The menu, written in English with Arabic subtitles, is fairly extensive. It includes: soups and salads ($3.95-$5.95); appetizers ($2.95-$6.99) and a mixed appetizer platter (small $9.95/large $13.95); rice dishes ($3.50-$4.50); the flat doughs with savory toppings called mana’eesh ($3-$3.50) and the savory filled pastries called fatayer ($1.50-$1.75); vegetarian ($3.95-$4.95) and meat ($6.50-$6.95) sandwiches; lamb ($14.95) and chicken ($5.95-$14.95) platters, three grilled meat platters ($18.95) and platters for two ($19.95-$34.95); dessert pastries ($2-$3); and finally, hot ($2-$3) and cold ($1.50-$2.50) beverages.

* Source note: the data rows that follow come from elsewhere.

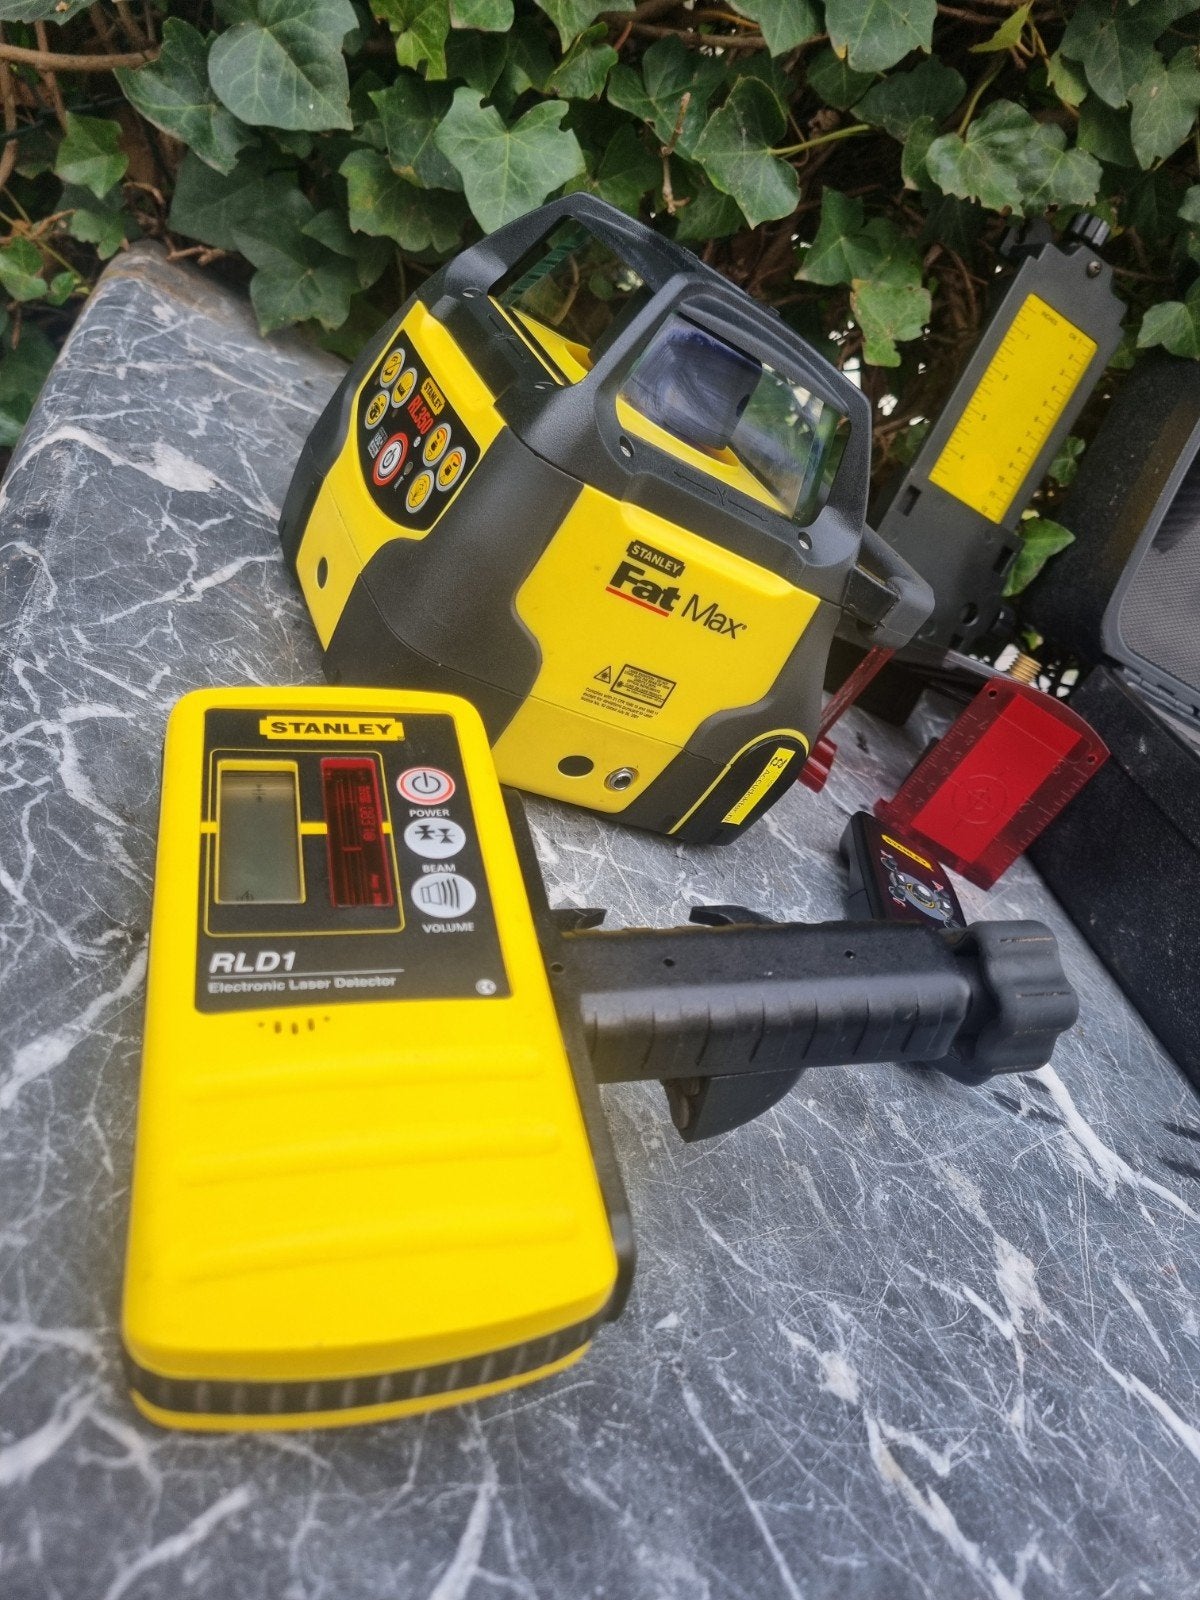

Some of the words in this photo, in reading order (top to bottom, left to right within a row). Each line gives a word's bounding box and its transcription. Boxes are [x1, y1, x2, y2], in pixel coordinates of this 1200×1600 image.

[424, 381, 443, 409] STANLEY
[407, 394, 434, 435] RL350
[631, 544, 681, 574] STANLEY
[609, 561, 681, 612] Fat
[271, 721, 392, 735] STANLEY
[409, 808, 450, 818] POWER
[422, 863, 456, 873] BEAM
[422, 922, 475, 934] VOLUME
[208, 950, 297, 974] RLD1
[208, 979, 286, 994] Electronic
[288, 977, 332, 990] Laser
[333, 975, 397, 989] Detector
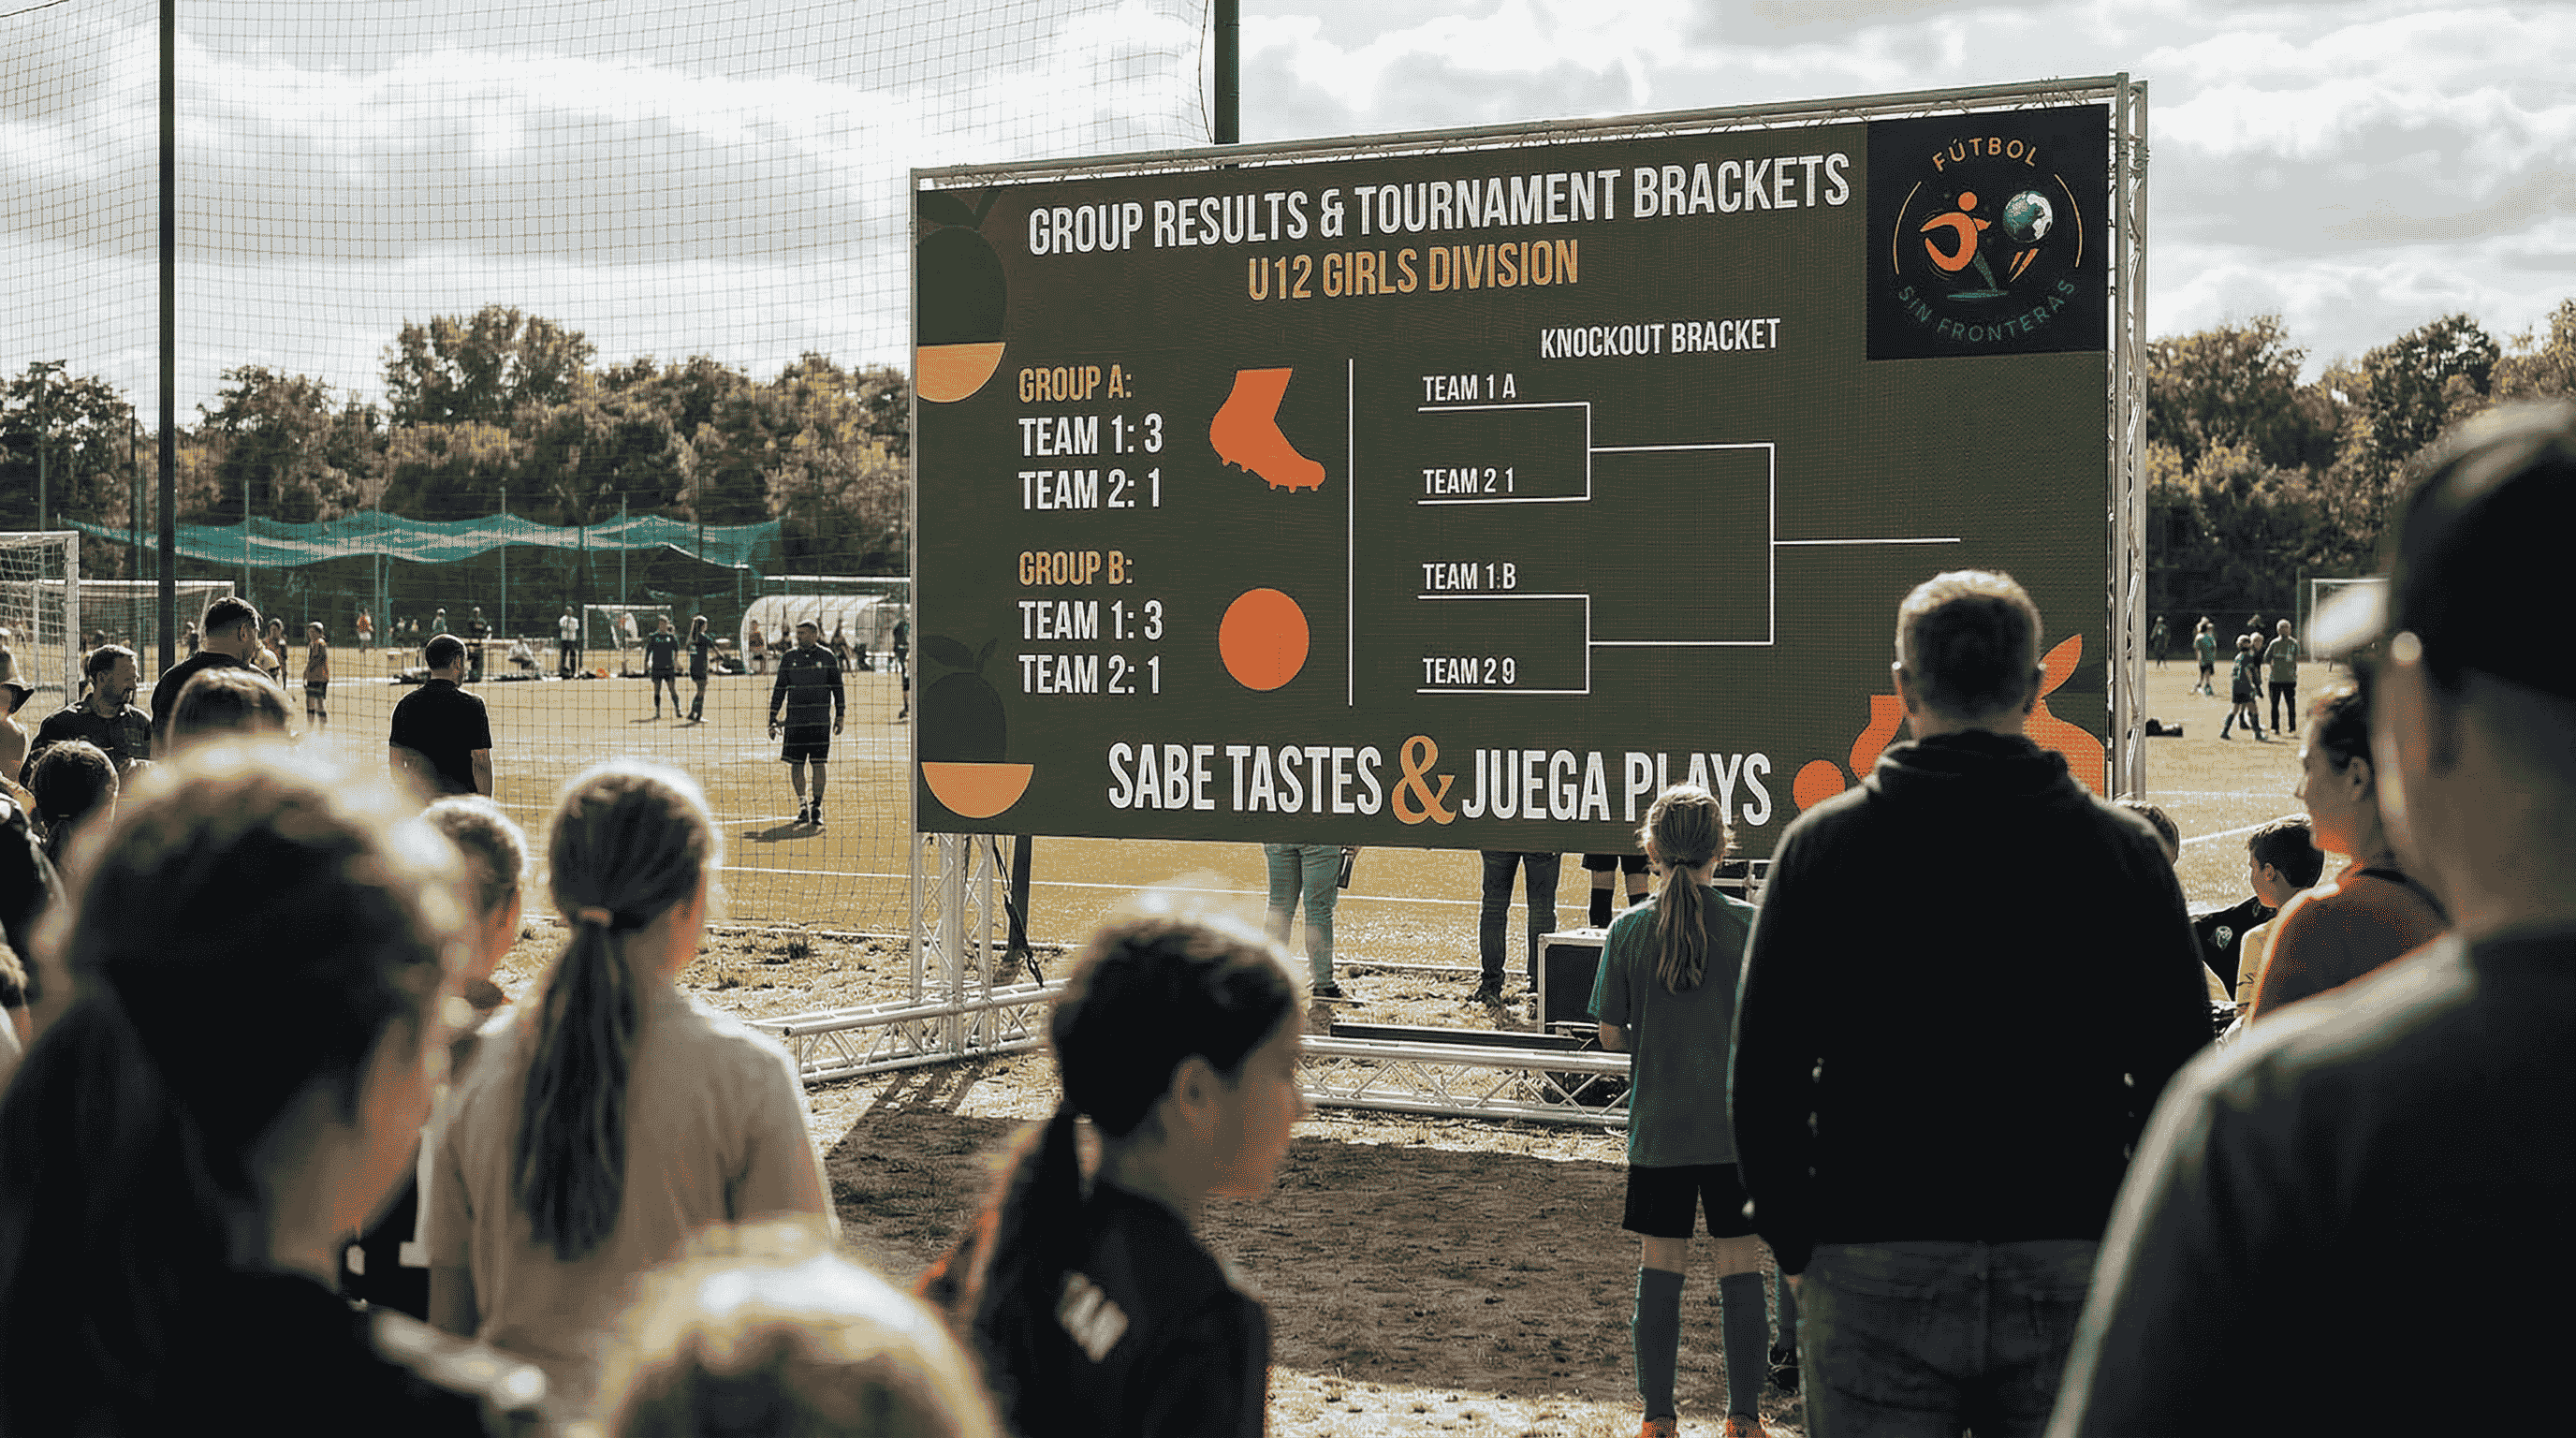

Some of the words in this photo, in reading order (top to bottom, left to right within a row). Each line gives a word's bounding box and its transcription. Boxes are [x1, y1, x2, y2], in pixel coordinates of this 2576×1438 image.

[1932, 137, 2037, 172] FÚTBOL
[1029, 202, 1143, 256] GROUP
[1153, 190, 1310, 248] RESULTS
[1320, 188, 1345, 238] &
[1354, 168, 1621, 235] TOURNAMENT
[1633, 152, 1851, 219] BRACKETS
[1248, 254, 1312, 301] U12
[1323, 248, 1418, 298] GIRLS
[1428, 239, 1578, 292] DIVISION
[1899, 286, 1932, 322] SIN
[1938, 280, 2074, 341] FRONTERAS
[1541, 323, 1665, 359] KNOCKOUT
[1671, 317, 1781, 354] BRACKET
[1018, 365, 1101, 404] GROUP
[1107, 364, 1133, 399] A:
[1422, 374, 1478, 402] TEAM
[1486, 374, 1495, 400] 1
[1501, 373, 1516, 399] A
[1017, 416, 1099, 457] TEAM
[1111, 414, 1135, 455] 1:
[1144, 413, 1164, 454] 3
[1017, 469, 1098, 510] TEAM
[1107, 468, 1136, 509] 2:
[1148, 467, 1161, 507] 1
[1422, 467, 1478, 494] TEAM
[1484, 467, 1497, 493] 2
[1505, 466, 1514, 492] 1
[1018, 550, 1102, 586] GROUP
[1108, 550, 1134, 585] B:
[1422, 562, 1478, 590] TEAM
[1018, 600, 1098, 640] TEAM
[1110, 599, 1135, 639] 1:
[1144, 599, 1164, 640] 3
[1017, 654, 1098, 695] TEAM
[1108, 654, 1136, 695] 2:
[1147, 655, 1161, 694] 1
[1422, 657, 1478, 684] TEAM
[1484, 657, 1497, 684] 2
[1501, 657, 1515, 684] 9
[1108, 741, 1215, 811] SABE
[1225, 745, 1383, 814] TASTES
[1391, 735, 1457, 825] &
[1461, 749, 1611, 822] JUEGA

Everything we get to try on our various visits is delicious and supremely fresh, while everything we don’t get to try entices. It occurs to us the foods we’re enjoying originate in the Fertile Crescent, considered the earliest of several cradles of civilization. On our earlier visits, seven grape leaves ($6.99) filled with a rice mixture perfumed with lemon and mint are arranged in a pinwheel. A mini-pizza-like meat mana’eesh ($3.50) is topped with ground beef, onion, tomato and spices. A generously portioned falafel wrap ($4.95) is delightful—the flavors balanced, the chick pea mixture crunchy (we find mushy falafel unpardonable), the pickled vegetables housemade. The perfectly seasoned ground lamb wrap ($6.50) is even better. And we’re fools for the ful mudammas ($4.50), cooked fava beans flavored with diced tomato, parsley and olive oil.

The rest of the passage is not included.